Records provided:

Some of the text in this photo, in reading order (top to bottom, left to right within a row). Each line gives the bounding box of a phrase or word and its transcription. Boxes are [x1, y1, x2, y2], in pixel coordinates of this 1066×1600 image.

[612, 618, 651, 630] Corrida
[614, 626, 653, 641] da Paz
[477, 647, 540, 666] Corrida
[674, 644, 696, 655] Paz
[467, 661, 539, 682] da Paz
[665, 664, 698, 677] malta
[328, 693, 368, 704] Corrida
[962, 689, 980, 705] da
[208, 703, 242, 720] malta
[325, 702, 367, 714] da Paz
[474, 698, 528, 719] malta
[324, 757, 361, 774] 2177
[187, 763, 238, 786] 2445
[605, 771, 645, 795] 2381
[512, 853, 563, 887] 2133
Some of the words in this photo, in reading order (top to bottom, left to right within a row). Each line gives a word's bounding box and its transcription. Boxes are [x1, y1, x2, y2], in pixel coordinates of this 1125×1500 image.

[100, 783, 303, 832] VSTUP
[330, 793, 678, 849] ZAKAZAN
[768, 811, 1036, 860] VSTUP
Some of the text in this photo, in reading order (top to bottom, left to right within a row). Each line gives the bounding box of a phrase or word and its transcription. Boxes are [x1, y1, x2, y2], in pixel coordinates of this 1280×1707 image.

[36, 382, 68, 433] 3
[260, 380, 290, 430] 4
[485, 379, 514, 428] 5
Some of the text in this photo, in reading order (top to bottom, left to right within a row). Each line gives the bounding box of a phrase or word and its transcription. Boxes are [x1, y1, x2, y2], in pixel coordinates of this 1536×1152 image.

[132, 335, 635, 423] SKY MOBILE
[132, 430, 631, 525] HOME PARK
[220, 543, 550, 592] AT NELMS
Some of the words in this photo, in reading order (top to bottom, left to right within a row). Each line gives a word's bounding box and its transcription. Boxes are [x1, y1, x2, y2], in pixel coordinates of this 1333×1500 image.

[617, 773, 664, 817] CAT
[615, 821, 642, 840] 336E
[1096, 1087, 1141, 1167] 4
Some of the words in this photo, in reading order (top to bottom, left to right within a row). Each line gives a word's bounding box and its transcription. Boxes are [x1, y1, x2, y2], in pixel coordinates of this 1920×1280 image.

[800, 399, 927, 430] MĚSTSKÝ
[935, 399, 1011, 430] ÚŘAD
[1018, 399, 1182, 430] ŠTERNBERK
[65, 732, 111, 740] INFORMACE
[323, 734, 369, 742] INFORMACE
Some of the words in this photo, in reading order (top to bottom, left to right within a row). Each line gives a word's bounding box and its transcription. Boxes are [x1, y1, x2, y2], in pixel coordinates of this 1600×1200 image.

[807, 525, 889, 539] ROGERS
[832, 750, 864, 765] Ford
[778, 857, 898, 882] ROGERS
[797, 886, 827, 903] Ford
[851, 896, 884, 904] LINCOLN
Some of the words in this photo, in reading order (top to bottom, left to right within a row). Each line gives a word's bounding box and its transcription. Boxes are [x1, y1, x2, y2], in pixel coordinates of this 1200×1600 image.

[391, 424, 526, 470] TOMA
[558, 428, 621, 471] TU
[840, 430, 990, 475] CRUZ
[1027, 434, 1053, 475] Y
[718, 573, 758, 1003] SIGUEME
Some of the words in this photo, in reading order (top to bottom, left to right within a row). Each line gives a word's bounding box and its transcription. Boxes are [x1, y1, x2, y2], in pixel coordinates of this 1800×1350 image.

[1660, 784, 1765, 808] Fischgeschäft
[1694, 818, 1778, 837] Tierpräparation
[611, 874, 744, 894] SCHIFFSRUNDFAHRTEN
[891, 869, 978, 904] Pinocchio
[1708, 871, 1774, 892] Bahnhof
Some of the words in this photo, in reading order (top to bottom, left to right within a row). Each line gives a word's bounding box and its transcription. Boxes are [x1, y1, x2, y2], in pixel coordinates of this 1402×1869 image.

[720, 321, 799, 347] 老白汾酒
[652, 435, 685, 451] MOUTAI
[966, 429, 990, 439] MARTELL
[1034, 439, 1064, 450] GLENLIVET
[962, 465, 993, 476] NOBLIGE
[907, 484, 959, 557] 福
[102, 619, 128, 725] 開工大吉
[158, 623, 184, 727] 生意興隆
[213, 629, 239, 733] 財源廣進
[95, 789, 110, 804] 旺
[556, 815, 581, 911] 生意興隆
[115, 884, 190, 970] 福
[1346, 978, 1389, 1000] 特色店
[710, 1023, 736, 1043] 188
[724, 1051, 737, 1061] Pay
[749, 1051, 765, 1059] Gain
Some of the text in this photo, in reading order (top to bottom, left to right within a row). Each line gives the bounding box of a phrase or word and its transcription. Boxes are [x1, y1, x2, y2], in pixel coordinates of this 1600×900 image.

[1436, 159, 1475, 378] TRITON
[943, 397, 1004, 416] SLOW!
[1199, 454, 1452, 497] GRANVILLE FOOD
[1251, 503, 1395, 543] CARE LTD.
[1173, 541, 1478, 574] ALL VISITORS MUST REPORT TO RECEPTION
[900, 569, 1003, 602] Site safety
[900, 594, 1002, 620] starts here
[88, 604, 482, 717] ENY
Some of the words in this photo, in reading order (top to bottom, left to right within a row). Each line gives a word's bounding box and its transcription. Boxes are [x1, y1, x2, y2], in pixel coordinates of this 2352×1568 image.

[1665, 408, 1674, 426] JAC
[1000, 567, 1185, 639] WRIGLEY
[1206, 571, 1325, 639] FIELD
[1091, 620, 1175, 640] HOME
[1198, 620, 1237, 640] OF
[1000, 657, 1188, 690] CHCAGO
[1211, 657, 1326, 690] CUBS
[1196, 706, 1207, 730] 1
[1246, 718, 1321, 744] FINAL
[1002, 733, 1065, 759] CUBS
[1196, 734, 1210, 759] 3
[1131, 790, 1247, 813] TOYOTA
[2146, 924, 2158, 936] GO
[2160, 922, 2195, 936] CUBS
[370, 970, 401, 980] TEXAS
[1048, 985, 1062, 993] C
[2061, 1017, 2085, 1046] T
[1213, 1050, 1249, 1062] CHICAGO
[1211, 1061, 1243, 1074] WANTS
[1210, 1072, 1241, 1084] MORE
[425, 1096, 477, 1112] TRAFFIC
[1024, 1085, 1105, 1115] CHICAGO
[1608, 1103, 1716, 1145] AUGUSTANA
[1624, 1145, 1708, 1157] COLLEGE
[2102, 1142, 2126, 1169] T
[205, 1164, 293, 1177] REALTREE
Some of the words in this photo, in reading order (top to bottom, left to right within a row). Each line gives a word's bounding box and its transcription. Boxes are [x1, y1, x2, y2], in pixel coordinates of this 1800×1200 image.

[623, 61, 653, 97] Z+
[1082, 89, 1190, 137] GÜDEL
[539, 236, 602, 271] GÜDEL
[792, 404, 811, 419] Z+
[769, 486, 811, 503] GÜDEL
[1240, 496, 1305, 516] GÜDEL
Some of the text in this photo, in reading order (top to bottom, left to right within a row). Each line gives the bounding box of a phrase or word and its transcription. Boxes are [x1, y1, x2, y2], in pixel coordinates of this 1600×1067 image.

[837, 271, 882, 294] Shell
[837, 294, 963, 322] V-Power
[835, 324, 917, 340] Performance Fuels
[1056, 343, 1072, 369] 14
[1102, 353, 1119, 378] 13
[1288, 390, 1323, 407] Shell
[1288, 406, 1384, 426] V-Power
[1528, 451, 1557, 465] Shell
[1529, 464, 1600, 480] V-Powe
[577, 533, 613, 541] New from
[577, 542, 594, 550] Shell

What you are asked to do: All of the records above should be transcribed exactly.

Response below:
Some of the text in this photo, in reading order (top to bottom, left to right within a row). Each line gives the bounding box of a phrase or word and its transcription. Boxes are [x1, y1, x2, y2], in pixel coordinates of this 1066×1600 image.

[612, 618, 651, 630] Corrida
[614, 626, 653, 641] da Paz
[477, 647, 540, 666] Corrida
[674, 644, 696, 655] Paz
[467, 661, 539, 682] da Paz
[665, 664, 698, 677] malta
[328, 693, 368, 704] Corrida
[962, 689, 980, 705] da
[208, 703, 242, 720] malta
[325, 702, 367, 714] da Paz
[474, 698, 528, 719] malta
[324, 757, 361, 774] 2177
[187, 763, 238, 786] 2445
[605, 771, 645, 795] 2381
[512, 853, 563, 887] 2133
Some of the words in this photo, in reading order (top to bottom, left to right within a row). Each line gives a word's bounding box and its transcription. Boxes are [x1, y1, x2, y2], in pixel coordinates of this 1125×1500 image.

[100, 783, 303, 832] VSTUP
[330, 793, 678, 849] ZAKAZAN
[768, 811, 1036, 860] VSTUP
Some of the text in this photo, in reading order (top to bottom, left to right within a row). Each line gives the bounding box of a phrase or word and its transcription. Boxes are [x1, y1, x2, y2], in pixel coordinates of this 1280×1707 image.

[36, 382, 68, 433] 3
[260, 380, 290, 430] 4
[485, 379, 514, 428] 5
Some of the text in this photo, in reading order (top to bottom, left to right within a row). Each line gives the bounding box of a phrase or word and its transcription. Boxes are [x1, y1, x2, y2], in pixel coordinates of this 1536×1152 image.

[132, 335, 635, 423] SKY MOBILE
[132, 430, 631, 525] HOME PARK
[220, 543, 550, 592] AT NELMS
Some of the words in this photo, in reading order (top to bottom, left to right within a row). Each line gives a word's bounding box and its transcription. Boxes are [x1, y1, x2, y2], in pixel coordinates of this 1333×1500 image.

[617, 773, 664, 817] CAT
[615, 821, 642, 840] 336E
[1096, 1087, 1141, 1167] 4
Some of the words in this photo, in reading order (top to bottom, left to right within a row). Each line gives a word's bounding box and its transcription. Boxes are [x1, y1, x2, y2], in pixel coordinates of this 1920×1280 image.

[800, 399, 927, 430] MĚSTSKÝ
[935, 399, 1011, 430] ÚŘAD
[1018, 399, 1182, 430] ŠTERNBERK
[65, 732, 111, 740] INFORMACE
[323, 734, 369, 742] INFORMACE
Some of the words in this photo, in reading order (top to bottom, left to right within a row). Each line gives a word's bounding box and its transcription. Boxes are [x1, y1, x2, y2], in pixel coordinates of this 1600×1200 image.

[807, 525, 889, 539] ROGERS
[832, 750, 864, 765] Ford
[778, 857, 898, 882] ROGERS
[797, 886, 827, 903] Ford
[851, 896, 884, 904] LINCOLN
Some of the words in this photo, in reading order (top to bottom, left to right within a row). Each line gives a word's bounding box and its transcription. Boxes are [x1, y1, x2, y2], in pixel coordinates of this 1200×1600 image.

[391, 424, 526, 470] TOMA
[558, 428, 621, 471] TU
[840, 430, 990, 475] CRUZ
[1027, 434, 1053, 475] Y
[718, 573, 758, 1003] SIGUEME
Some of the words in this photo, in reading order (top to bottom, left to right within a row). Each line gives a word's bounding box and its transcription. Boxes are [x1, y1, x2, y2], in pixel coordinates of this 1800×1350 image.

[1660, 784, 1765, 808] Fischgeschäft
[1694, 818, 1778, 837] Tierpräparation
[611, 874, 744, 894] SCHIFFSRUNDFAHRTEN
[891, 869, 978, 904] Pinocchio
[1708, 871, 1774, 892] Bahnhof
Some of the words in this photo, in reading order (top to bottom, left to right within a row). Each line gives a word's bounding box and its transcription. Boxes are [x1, y1, x2, y2], in pixel coordinates of this 1402×1869 image.

[720, 321, 799, 347] 老白汾酒
[652, 435, 685, 451] MOUTAI
[966, 429, 990, 439] MARTELL
[1034, 439, 1064, 450] GLENLIVET
[962, 465, 993, 476] NOBLIGE
[907, 484, 959, 557] 福
[102, 619, 128, 725] 開工大吉
[158, 623, 184, 727] 生意興隆
[213, 629, 239, 733] 財源廣進
[95, 789, 110, 804] 旺
[556, 815, 581, 911] 生意興隆
[115, 884, 190, 970] 福
[1346, 978, 1389, 1000] 特色店
[710, 1023, 736, 1043] 188
[724, 1051, 737, 1061] Pay
[749, 1051, 765, 1059] Gain
Some of the text in this photo, in reading order (top to bottom, left to right within a row). Each line gives the bounding box of a phrase or word and its transcription. Boxes are [x1, y1, x2, y2], in pixel coordinates of this 1600×900 image.

[1436, 159, 1475, 378] TRITON
[943, 397, 1004, 416] SLOW!
[1199, 454, 1452, 497] GRANVILLE FOOD
[1251, 503, 1395, 543] CARE LTD.
[1173, 541, 1478, 574] ALL VISITORS MUST REPORT TO RECEPTION
[900, 569, 1003, 602] Site safety
[900, 594, 1002, 620] starts here
[88, 604, 482, 717] ENY
Some of the words in this photo, in reading order (top to bottom, left to right within a row). Each line gives a word's bounding box and its transcription. Boxes are [x1, y1, x2, y2], in pixel coordinates of this 2352×1568 image.

[1665, 408, 1674, 426] JAC
[1000, 567, 1185, 639] WRIGLEY
[1206, 571, 1325, 639] FIELD
[1091, 620, 1175, 640] HOME
[1198, 620, 1237, 640] OF
[1000, 657, 1188, 690] CHCAGO
[1211, 657, 1326, 690] CUBS
[1196, 706, 1207, 730] 1
[1246, 718, 1321, 744] FINAL
[1002, 733, 1065, 759] CUBS
[1196, 734, 1210, 759] 3
[1131, 790, 1247, 813] TOYOTA
[2146, 924, 2158, 936] GO
[2160, 922, 2195, 936] CUBS
[370, 970, 401, 980] TEXAS
[1048, 985, 1062, 993] C
[2061, 1017, 2085, 1046] T
[1213, 1050, 1249, 1062] CHICAGO
[1211, 1061, 1243, 1074] WANTS
[1210, 1072, 1241, 1084] MORE
[425, 1096, 477, 1112] TRAFFIC
[1024, 1085, 1105, 1115] CHICAGO
[1608, 1103, 1716, 1145] AUGUSTANA
[1624, 1145, 1708, 1157] COLLEGE
[2102, 1142, 2126, 1169] T
[205, 1164, 293, 1177] REALTREE
Some of the words in this photo, in reading order (top to bottom, left to right within a row). Each line gives a word's bounding box and its transcription. Boxes are [x1, y1, x2, y2], in pixel coordinates of this 1800×1200 image.

[623, 61, 653, 97] Z+
[1082, 89, 1190, 137] GÜDEL
[539, 236, 602, 271] GÜDEL
[792, 404, 811, 419] Z+
[769, 486, 811, 503] GÜDEL
[1240, 496, 1305, 516] GÜDEL
Some of the text in this photo, in reading order (top to bottom, left to right within a row). Each line gives the bounding box of a phrase or word and its transcription. Boxes are [x1, y1, x2, y2], in pixel coordinates of this 1600×1067 image.

[837, 271, 882, 294] Shell
[837, 294, 963, 322] V-Power
[835, 324, 917, 340] Performance Fuels
[1056, 343, 1072, 369] 14
[1102, 353, 1119, 378] 13
[1288, 390, 1323, 407] Shell
[1288, 406, 1384, 426] V-Power
[1528, 451, 1557, 465] Shell
[1529, 464, 1600, 480] V-Powe
[577, 533, 613, 541] New from
[577, 542, 594, 550] Shell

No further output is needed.